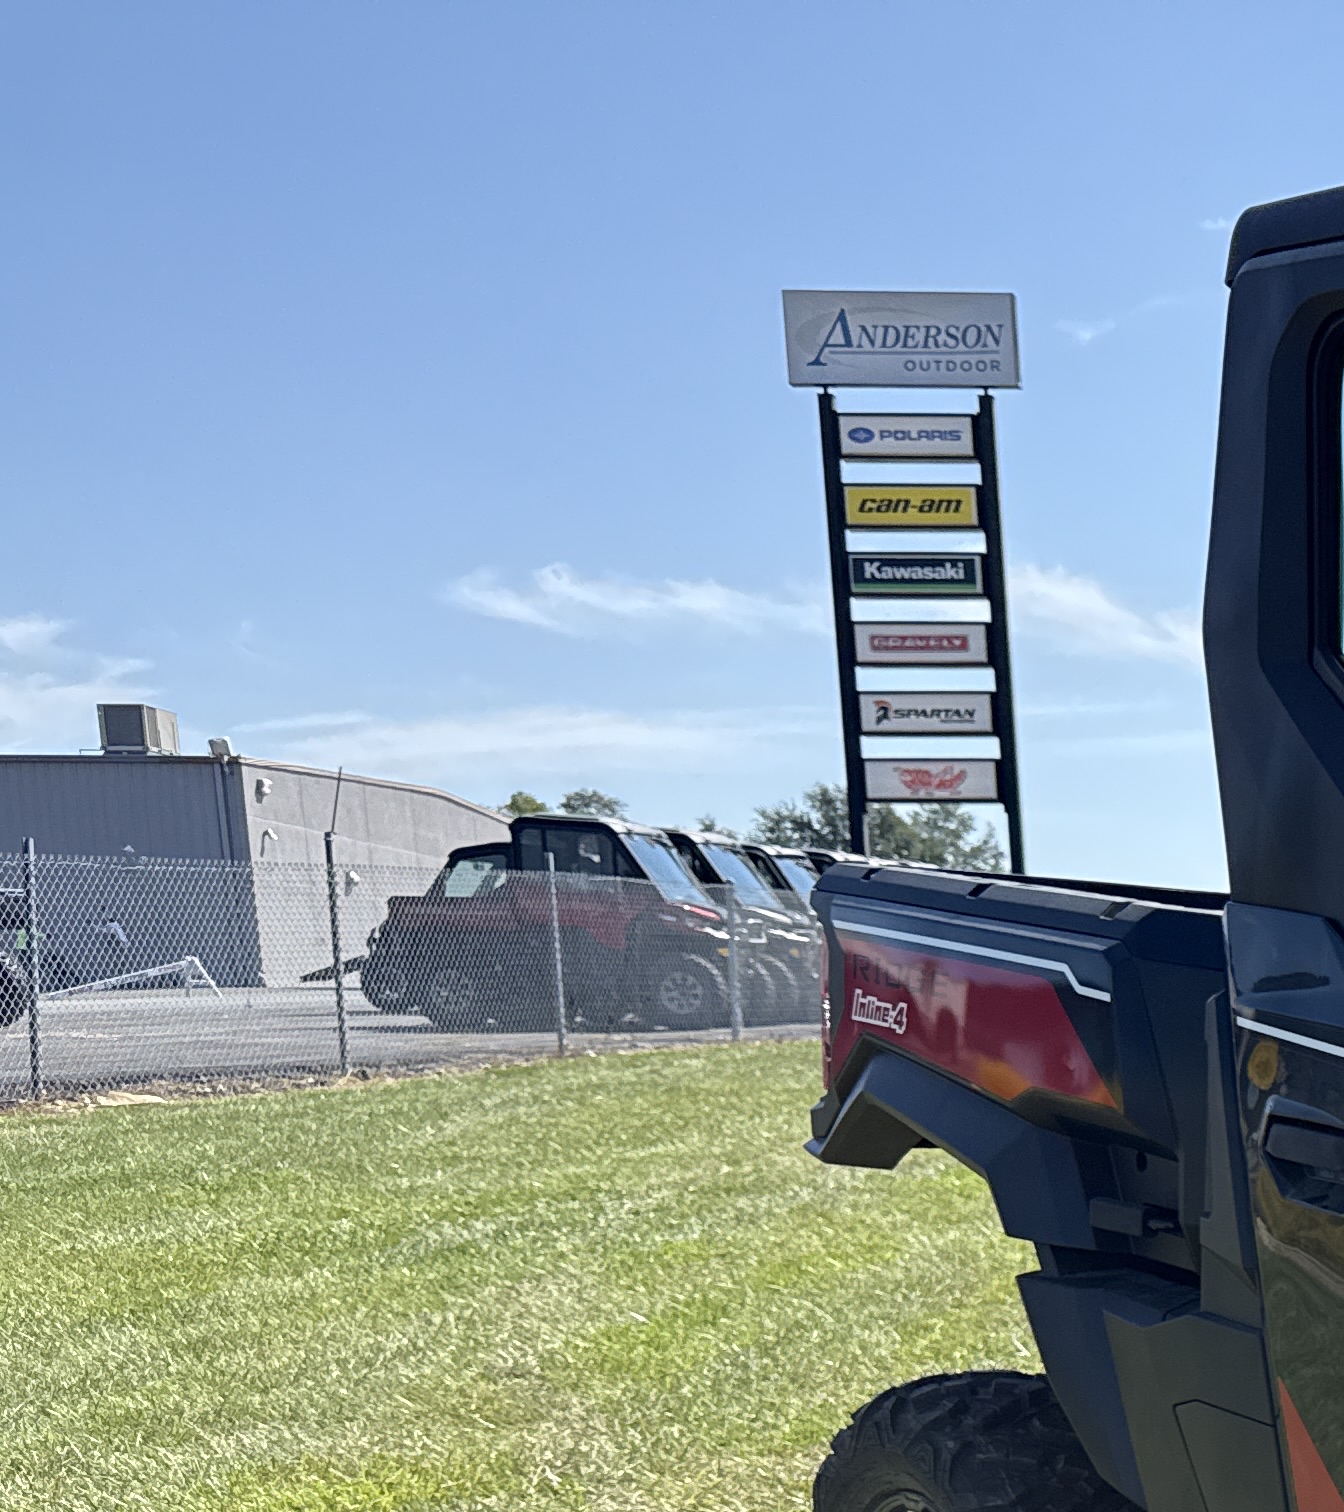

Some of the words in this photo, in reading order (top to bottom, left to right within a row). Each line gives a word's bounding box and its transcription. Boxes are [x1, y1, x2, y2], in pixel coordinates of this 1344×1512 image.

[806, 308, 1004, 366] ANDERSON
[903, 360, 1001, 372] OUTDOOR
[879, 429, 962, 441] POLARIS
[857, 498, 963, 513] can-am
[863, 561, 965, 580] Kawasaki
[892, 708, 976, 719] SPARTAN
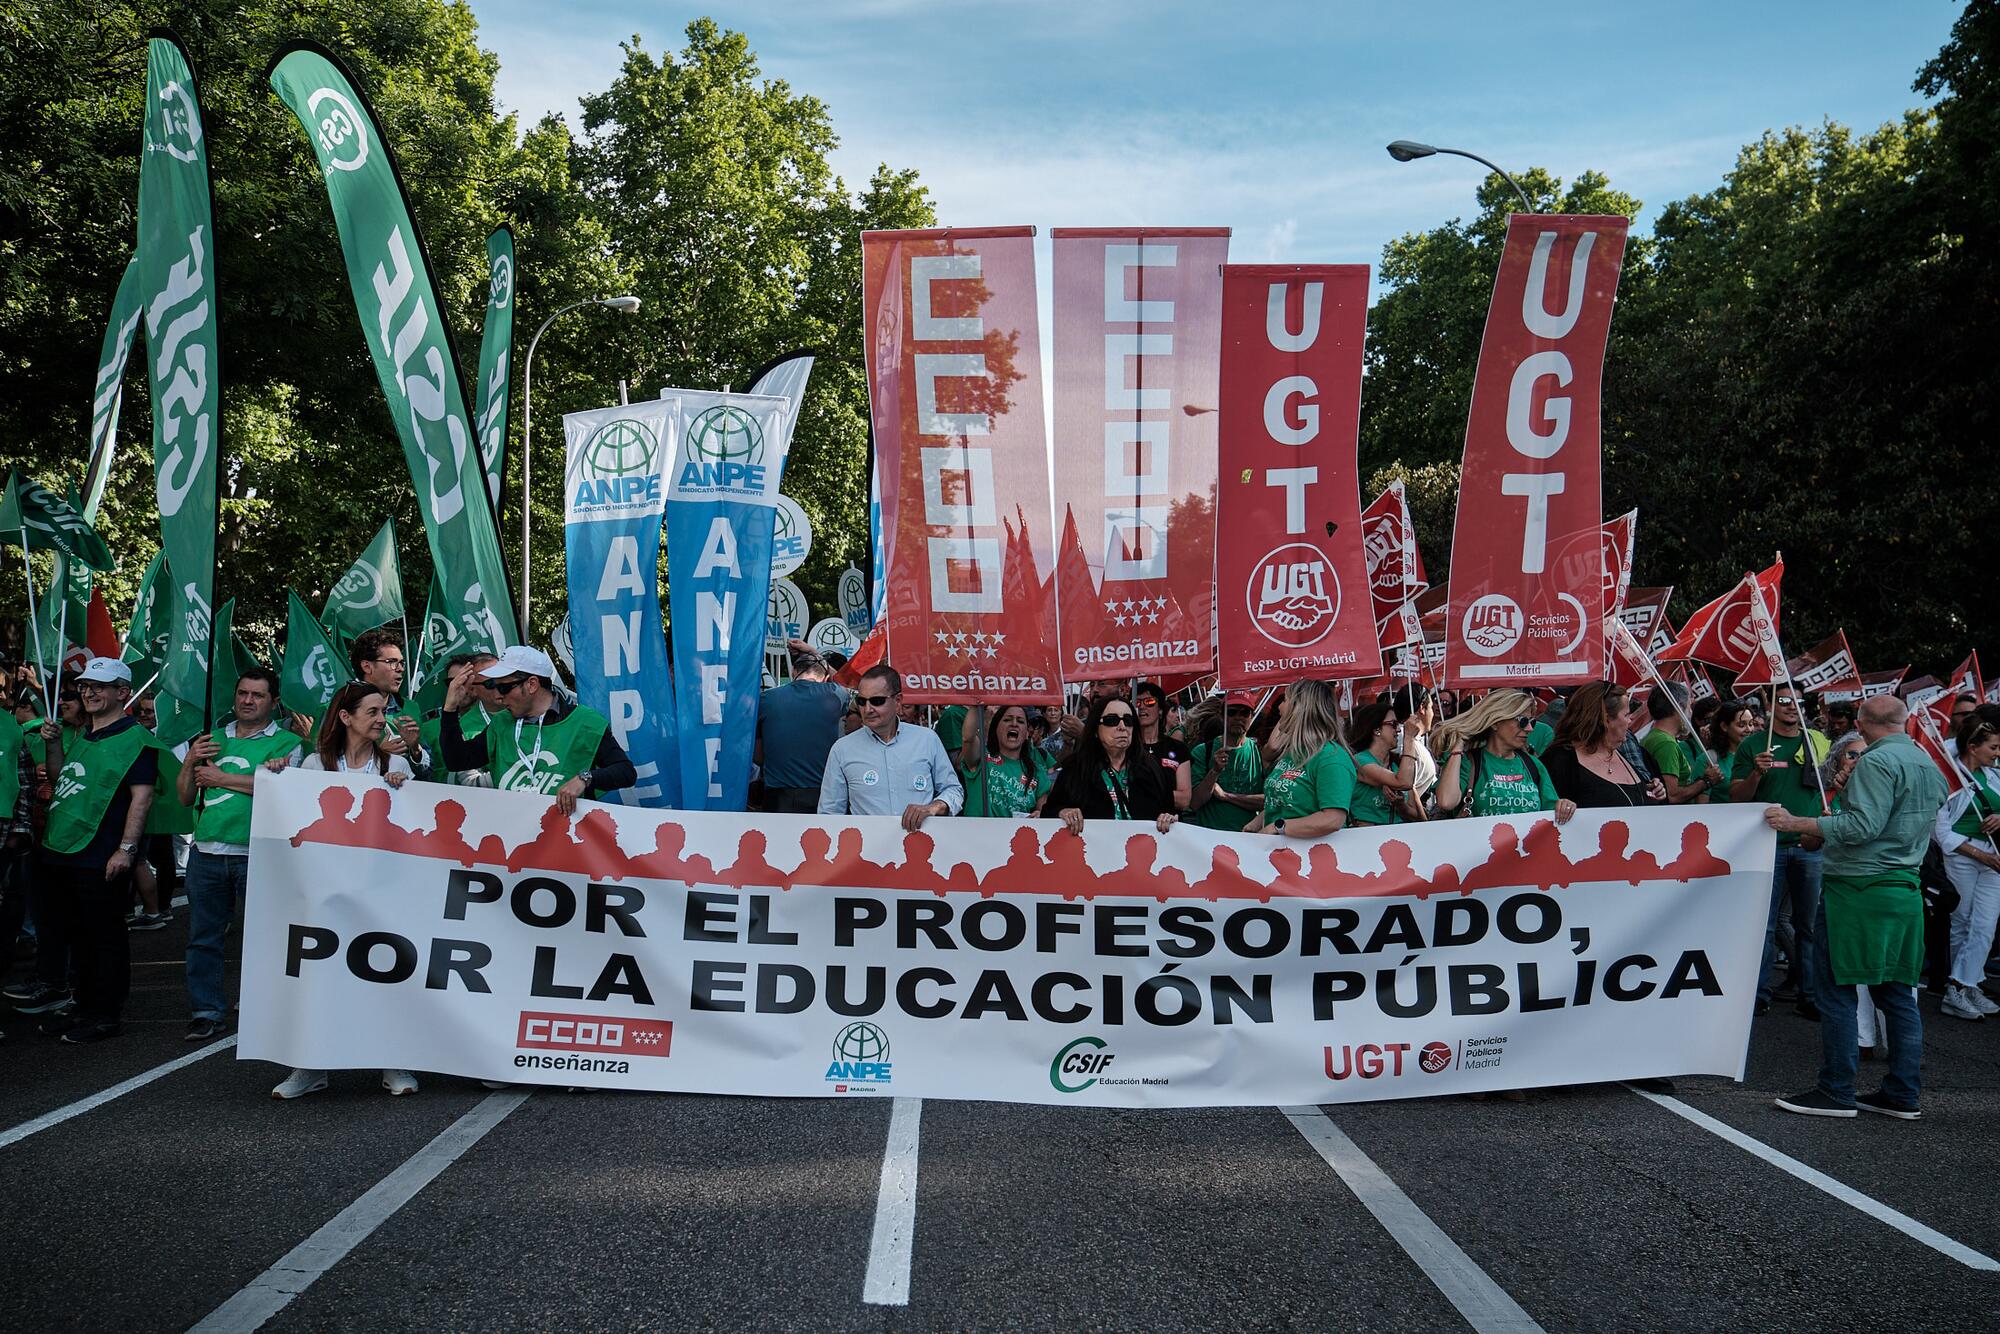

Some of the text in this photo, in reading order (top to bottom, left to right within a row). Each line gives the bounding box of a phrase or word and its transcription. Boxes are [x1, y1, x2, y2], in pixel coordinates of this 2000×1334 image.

[1105, 244, 1178, 581] CCOO
[1263, 282, 1325, 534] UGT
[1501, 231, 1597, 574] UGT
[911, 255, 1004, 613] CCOO
[679, 461, 767, 491] ANPE
[574, 473, 661, 507] ANPE
[678, 486, 715, 494] SINDICATO
[1261, 561, 1325, 604] UGT
[847, 607, 869, 625] ANP
[1469, 605, 1516, 631] UGT
[1529, 613, 1570, 626] Servicios
[1527, 627, 1568, 639] Públicos
[692, 517, 742, 798] ANPE
[1074, 638, 1199, 664] enseñanza
[1244, 651, 1357, 673] FeSP-UGT-Madrid
[905, 669, 1048, 691] enseñanza
[1506, 664, 1541, 676] Madrid
[443, 868, 1591, 959] POR EL PROFESORADO,
[285, 923, 1724, 1027] POR LA EDUCACIÓN PÚBLICA
[525, 1019, 624, 1047] CCOO
[1467, 1036, 1508, 1047] Servicios
[514, 1054, 629, 1074] enseñanza
[1063, 1053, 1116, 1074] CSIF
[1324, 1043, 1411, 1080] UGT
[1464, 1057, 1501, 1070] Madrid
[1466, 1046, 1503, 1058] Públicos
[825, 1061, 892, 1080] ANPE

• • • • • • •

- [What the task asks] Take the line containing "Some of the text" and every line after it up to the last line of the listing, and output them exactly, with nothing else.

- [Answer area]
Some of the text in this photo, in reading order (top to bottom, left to right within a row). Each line gives the bounding box of a phrase or word and its transcription. Boxes are [x1, y1, x2, y2], in pixel coordinates of this 2000×1334 image.

[1105, 244, 1178, 581] CCOO
[1263, 282, 1325, 534] UGT
[1501, 231, 1597, 574] UGT
[911, 255, 1004, 613] CCOO
[679, 461, 767, 491] ANPE
[574, 473, 661, 507] ANPE
[678, 486, 715, 494] SINDICATO
[1261, 561, 1325, 604] UGT
[847, 607, 869, 625] ANP
[1469, 605, 1516, 631] UGT
[1529, 613, 1570, 626] Servicios
[1527, 627, 1568, 639] Públicos
[692, 517, 742, 798] ANPE
[1074, 638, 1199, 664] enseñanza
[1244, 651, 1357, 673] FeSP-UGT-Madrid
[905, 669, 1048, 691] enseñanza
[1506, 664, 1541, 676] Madrid
[443, 868, 1591, 959] POR EL PROFESORADO,
[285, 923, 1724, 1027] POR LA EDUCACIÓN PÚBLICA
[525, 1019, 624, 1047] CCOO
[1467, 1036, 1508, 1047] Servicios
[514, 1054, 629, 1074] enseñanza
[1063, 1053, 1116, 1074] CSIF
[1324, 1043, 1411, 1080] UGT
[1464, 1057, 1501, 1070] Madrid
[1466, 1046, 1503, 1058] Públicos
[825, 1061, 892, 1080] ANPE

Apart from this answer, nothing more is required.